Directions for this task:
Would you transcribe exactly the lines below, starting at the one that contains "this 1000×1500 image." and ending with the last line, both included? Leave out all other lines.

Supplied information:

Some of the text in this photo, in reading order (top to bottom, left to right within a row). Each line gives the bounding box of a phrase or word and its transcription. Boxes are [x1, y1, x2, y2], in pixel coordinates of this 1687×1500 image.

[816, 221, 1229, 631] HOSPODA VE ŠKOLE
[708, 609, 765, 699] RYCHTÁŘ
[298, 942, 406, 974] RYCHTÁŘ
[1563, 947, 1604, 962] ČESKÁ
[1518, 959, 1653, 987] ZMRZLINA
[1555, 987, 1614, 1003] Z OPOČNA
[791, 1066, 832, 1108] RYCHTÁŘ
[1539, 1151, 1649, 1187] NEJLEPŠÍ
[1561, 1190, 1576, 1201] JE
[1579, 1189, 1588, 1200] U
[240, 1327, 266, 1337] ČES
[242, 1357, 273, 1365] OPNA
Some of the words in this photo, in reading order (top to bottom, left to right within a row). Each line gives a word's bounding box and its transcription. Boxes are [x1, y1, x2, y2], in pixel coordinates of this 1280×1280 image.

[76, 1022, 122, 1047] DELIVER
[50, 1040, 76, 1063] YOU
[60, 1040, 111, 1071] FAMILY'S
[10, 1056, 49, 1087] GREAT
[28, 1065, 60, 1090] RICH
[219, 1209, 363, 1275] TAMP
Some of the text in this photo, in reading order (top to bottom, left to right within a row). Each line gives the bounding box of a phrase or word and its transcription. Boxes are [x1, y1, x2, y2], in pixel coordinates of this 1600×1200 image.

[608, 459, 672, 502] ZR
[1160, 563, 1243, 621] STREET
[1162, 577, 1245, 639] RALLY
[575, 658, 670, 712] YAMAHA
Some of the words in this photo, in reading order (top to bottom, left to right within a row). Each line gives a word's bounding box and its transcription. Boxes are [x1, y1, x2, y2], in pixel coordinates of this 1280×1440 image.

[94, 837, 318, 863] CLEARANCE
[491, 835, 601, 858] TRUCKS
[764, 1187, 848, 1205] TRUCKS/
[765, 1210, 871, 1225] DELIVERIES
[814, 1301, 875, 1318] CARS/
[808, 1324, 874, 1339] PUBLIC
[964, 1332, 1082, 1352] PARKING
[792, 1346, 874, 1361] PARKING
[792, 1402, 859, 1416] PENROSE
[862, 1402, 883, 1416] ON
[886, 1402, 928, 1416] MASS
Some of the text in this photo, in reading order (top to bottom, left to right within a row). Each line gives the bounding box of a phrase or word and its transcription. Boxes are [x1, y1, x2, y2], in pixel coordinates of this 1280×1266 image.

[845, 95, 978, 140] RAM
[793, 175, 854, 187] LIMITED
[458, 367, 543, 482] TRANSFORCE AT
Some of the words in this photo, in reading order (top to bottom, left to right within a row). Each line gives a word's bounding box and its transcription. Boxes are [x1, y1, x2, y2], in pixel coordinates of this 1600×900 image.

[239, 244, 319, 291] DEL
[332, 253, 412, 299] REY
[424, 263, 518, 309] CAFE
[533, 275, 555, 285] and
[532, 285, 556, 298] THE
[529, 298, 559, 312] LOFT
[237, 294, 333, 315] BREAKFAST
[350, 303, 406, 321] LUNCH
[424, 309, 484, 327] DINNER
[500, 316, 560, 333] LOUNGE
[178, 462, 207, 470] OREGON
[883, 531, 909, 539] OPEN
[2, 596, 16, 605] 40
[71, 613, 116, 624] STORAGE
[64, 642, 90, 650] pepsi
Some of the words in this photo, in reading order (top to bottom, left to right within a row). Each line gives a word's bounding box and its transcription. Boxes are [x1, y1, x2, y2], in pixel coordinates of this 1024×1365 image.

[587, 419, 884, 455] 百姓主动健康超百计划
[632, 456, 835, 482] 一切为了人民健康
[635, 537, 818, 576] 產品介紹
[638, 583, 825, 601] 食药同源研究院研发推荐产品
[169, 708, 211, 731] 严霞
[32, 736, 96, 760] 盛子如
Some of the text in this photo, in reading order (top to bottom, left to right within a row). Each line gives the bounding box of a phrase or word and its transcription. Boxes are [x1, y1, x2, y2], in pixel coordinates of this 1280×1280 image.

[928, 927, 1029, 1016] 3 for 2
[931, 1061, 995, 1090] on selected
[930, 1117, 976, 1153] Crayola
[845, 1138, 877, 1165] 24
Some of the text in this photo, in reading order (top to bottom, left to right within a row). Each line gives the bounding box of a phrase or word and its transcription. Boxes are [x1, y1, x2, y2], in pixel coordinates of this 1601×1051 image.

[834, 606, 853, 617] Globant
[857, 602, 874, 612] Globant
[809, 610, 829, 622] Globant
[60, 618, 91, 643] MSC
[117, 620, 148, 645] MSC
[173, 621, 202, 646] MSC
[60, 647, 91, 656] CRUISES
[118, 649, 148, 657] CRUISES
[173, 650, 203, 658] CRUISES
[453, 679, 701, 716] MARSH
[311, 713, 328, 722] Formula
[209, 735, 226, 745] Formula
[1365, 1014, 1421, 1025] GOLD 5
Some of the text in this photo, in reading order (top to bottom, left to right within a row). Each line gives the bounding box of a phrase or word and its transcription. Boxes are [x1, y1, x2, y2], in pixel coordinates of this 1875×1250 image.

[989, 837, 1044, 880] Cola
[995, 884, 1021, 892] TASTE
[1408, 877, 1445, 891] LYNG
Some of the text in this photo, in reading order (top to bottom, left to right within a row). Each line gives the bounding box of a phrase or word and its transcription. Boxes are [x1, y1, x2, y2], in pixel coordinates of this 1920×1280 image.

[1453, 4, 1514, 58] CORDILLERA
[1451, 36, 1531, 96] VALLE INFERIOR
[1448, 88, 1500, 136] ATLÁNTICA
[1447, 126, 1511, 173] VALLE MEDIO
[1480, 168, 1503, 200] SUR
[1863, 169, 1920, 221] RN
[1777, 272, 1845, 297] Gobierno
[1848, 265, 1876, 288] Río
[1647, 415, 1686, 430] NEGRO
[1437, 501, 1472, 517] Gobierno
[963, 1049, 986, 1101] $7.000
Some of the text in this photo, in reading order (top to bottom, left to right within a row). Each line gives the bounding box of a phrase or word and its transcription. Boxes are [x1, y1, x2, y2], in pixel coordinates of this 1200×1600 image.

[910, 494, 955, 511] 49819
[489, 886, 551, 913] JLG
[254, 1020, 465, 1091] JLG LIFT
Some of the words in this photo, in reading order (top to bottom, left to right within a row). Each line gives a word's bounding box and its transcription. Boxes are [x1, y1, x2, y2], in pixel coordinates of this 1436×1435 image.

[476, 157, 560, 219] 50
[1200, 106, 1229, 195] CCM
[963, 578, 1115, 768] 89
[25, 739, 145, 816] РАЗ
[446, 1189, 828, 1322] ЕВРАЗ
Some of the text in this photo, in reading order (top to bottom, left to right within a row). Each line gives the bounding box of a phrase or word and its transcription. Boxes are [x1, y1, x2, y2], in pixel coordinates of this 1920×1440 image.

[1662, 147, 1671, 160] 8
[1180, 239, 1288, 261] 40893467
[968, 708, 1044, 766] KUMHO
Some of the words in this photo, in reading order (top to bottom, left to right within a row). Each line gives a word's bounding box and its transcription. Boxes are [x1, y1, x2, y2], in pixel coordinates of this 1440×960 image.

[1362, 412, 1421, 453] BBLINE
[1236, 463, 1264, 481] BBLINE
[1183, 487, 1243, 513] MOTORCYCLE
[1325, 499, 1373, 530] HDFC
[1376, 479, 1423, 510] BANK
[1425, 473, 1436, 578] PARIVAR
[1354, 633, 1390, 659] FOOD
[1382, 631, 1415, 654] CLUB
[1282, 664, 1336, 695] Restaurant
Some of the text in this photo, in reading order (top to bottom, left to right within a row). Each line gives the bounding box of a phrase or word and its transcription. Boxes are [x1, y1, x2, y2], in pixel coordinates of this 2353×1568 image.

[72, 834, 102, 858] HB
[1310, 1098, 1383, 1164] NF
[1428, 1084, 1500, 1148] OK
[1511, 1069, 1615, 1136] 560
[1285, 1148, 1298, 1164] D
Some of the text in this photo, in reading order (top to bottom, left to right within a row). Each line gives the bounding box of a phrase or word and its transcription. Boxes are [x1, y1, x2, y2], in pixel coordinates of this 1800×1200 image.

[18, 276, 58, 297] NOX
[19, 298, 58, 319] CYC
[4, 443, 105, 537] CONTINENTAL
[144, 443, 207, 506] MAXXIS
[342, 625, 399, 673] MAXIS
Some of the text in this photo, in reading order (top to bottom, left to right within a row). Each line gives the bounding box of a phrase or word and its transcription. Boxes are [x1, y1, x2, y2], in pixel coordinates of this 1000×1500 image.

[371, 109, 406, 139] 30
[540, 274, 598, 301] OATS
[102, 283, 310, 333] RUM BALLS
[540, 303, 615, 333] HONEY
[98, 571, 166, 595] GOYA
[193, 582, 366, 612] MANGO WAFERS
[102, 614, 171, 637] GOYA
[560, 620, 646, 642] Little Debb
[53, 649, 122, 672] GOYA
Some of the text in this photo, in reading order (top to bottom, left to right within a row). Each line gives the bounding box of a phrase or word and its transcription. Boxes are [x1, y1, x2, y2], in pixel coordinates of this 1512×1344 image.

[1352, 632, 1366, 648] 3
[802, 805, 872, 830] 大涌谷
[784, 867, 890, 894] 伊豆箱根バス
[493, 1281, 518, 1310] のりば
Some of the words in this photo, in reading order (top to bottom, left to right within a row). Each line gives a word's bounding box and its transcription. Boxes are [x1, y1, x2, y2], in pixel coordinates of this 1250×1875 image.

Finished exercise:
Some of the text in this photo, in reading order (top to bottom, left to right within a row). Each line gives the bounding box of a phrase or word and its transcription. Boxes are [x1, y1, x2, y2], in pixel coordinates of this 1000×1500 image.

[371, 109, 406, 139] 30
[540, 274, 598, 301] OATS
[102, 283, 310, 333] RUM BALLS
[540, 303, 615, 333] HONEY
[98, 571, 166, 595] GOYA
[193, 582, 366, 612] MANGO WAFERS
[102, 614, 171, 637] GOYA
[560, 620, 646, 642] Little Debb
[53, 649, 122, 672] GOYA
Some of the text in this photo, in reading order (top to bottom, left to right within a row). Each line gives the bounding box of a phrase or word and its transcription. Boxes are [x1, y1, x2, y2], in pixel coordinates of this 1512×1344 image.

[1352, 632, 1366, 648] 3
[802, 805, 872, 830] 大涌谷
[784, 867, 890, 894] 伊豆箱根バス
[493, 1281, 518, 1310] のりば
Some of the words in this photo, in reading order (top to bottom, left to right within a row). Each line gives a word's bounding box and its transcription. Boxes are [x1, y1, x2, y2], in pixel coordinates of this 1250×1875 image.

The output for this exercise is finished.